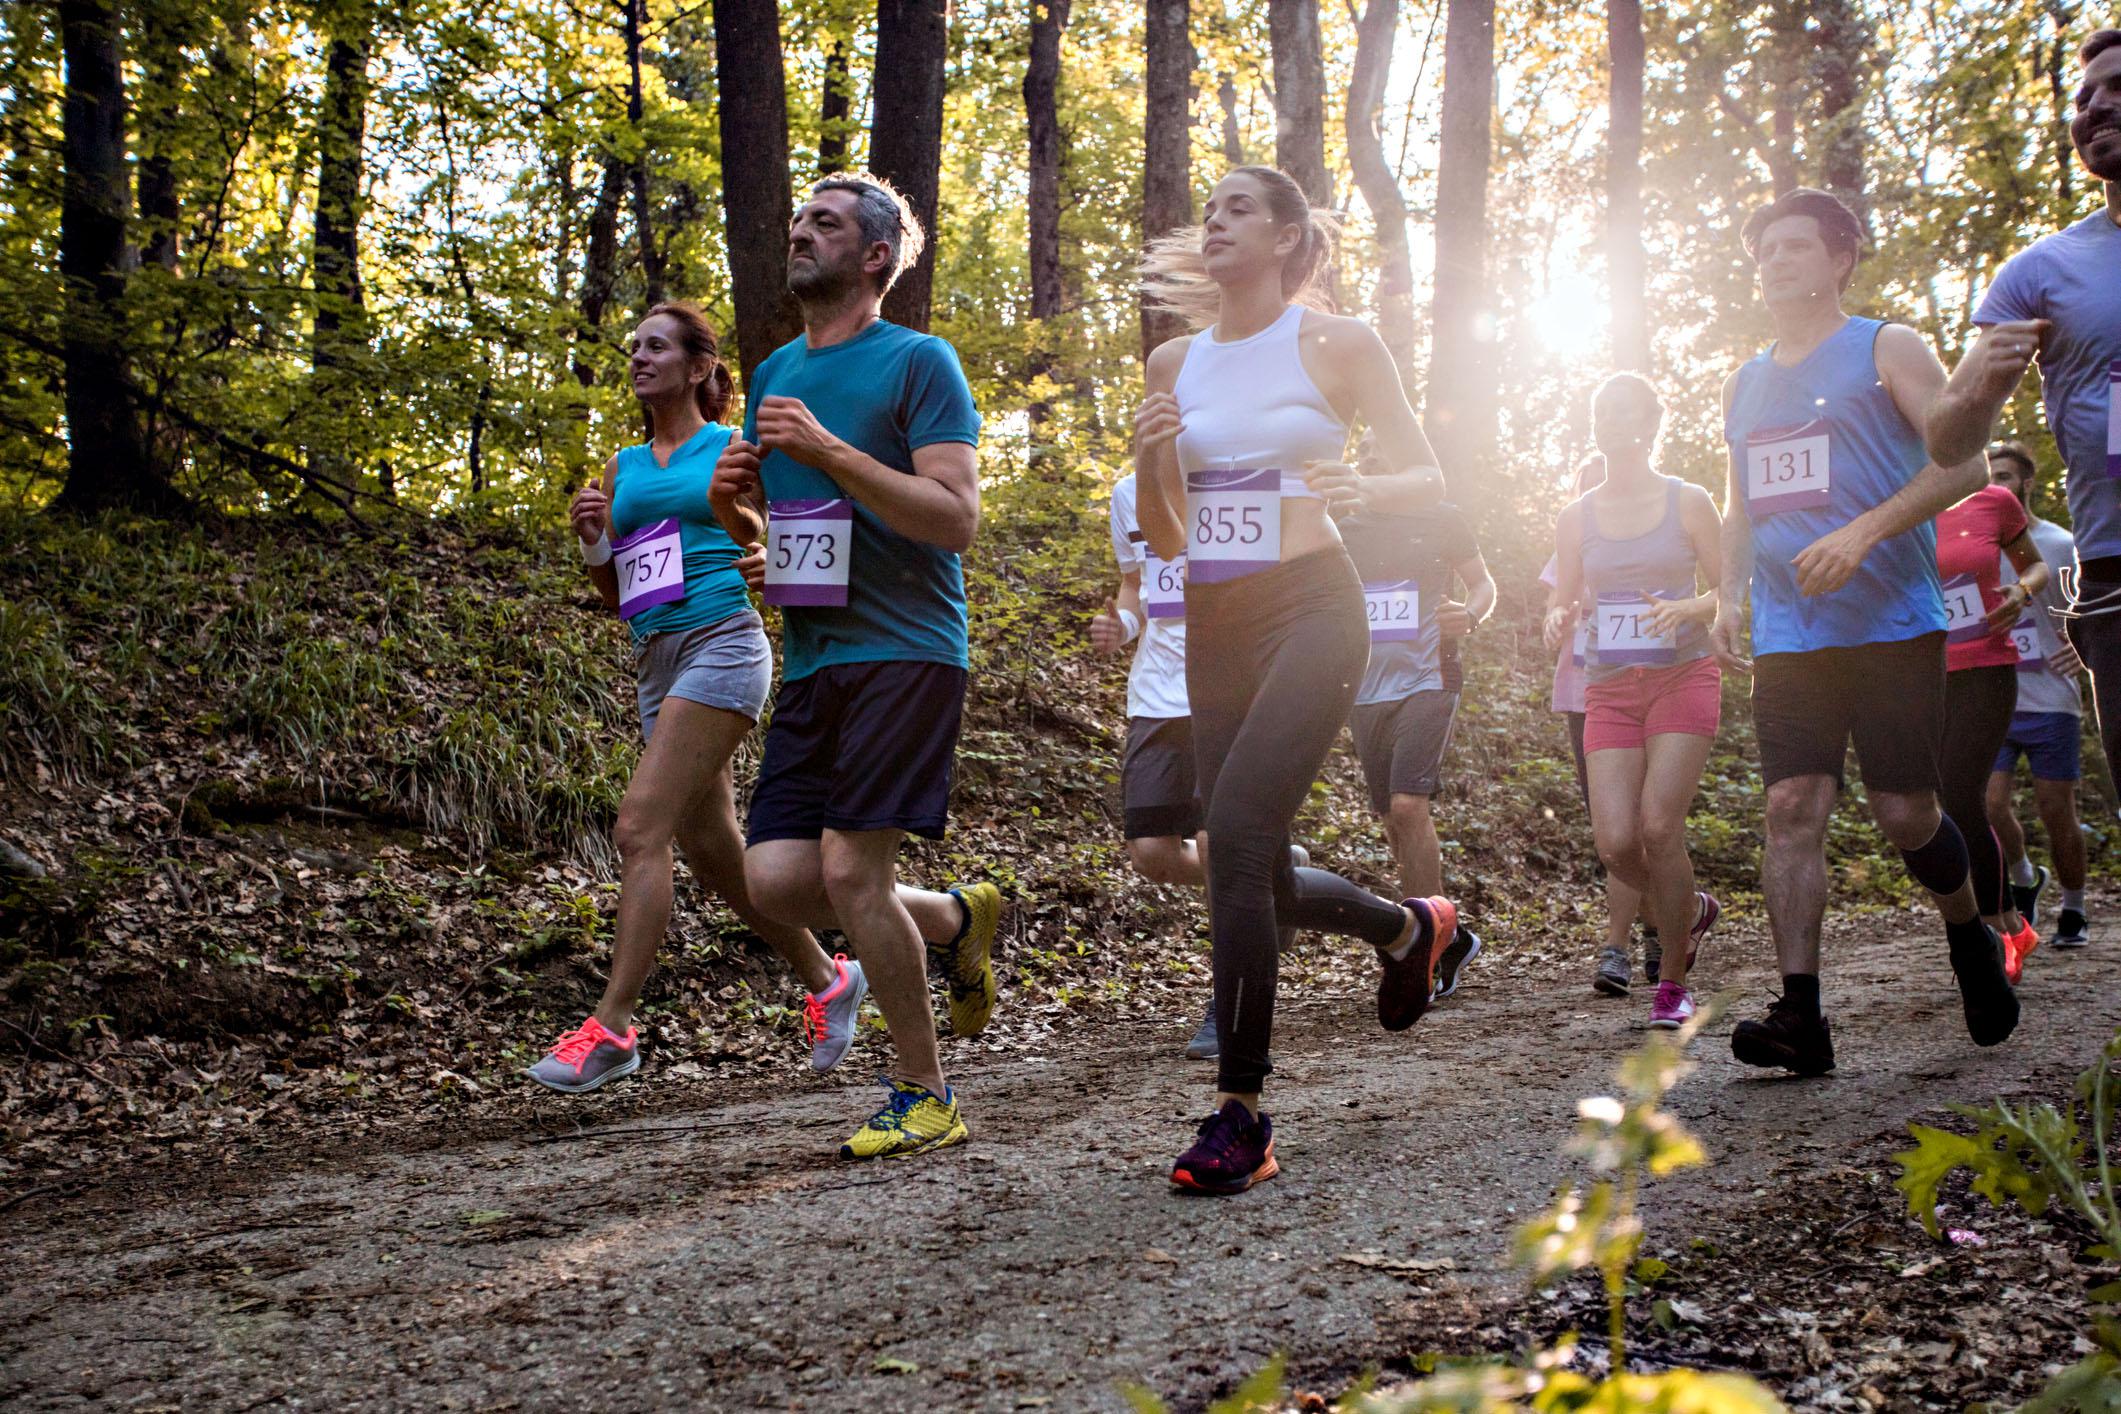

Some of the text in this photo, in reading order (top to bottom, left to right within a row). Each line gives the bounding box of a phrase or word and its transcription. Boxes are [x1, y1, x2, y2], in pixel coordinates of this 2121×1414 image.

[1760, 448, 1815, 485] 131
[1197, 507, 1263, 544] 855
[626, 547, 671, 590] 757
[776, 534, 835, 570] 573
[1367, 600, 1409, 622] 212

------------------------

AIM OF THE EXERCISE: Repeat the entries faithfully. Any picture gets left out.

FINISHED TASK:
Some of the text in this photo, in reading order (top to bottom, left to right within a row). Each line gives the bounding box of a phrase or word and its transcription. Boxes are [x1, y1, x2, y2], in pixel coordinates of this 2121×1414 image.

[1760, 448, 1815, 485] 131
[1197, 507, 1263, 544] 855
[626, 547, 671, 590] 757
[776, 534, 835, 570] 573
[1367, 600, 1409, 622] 212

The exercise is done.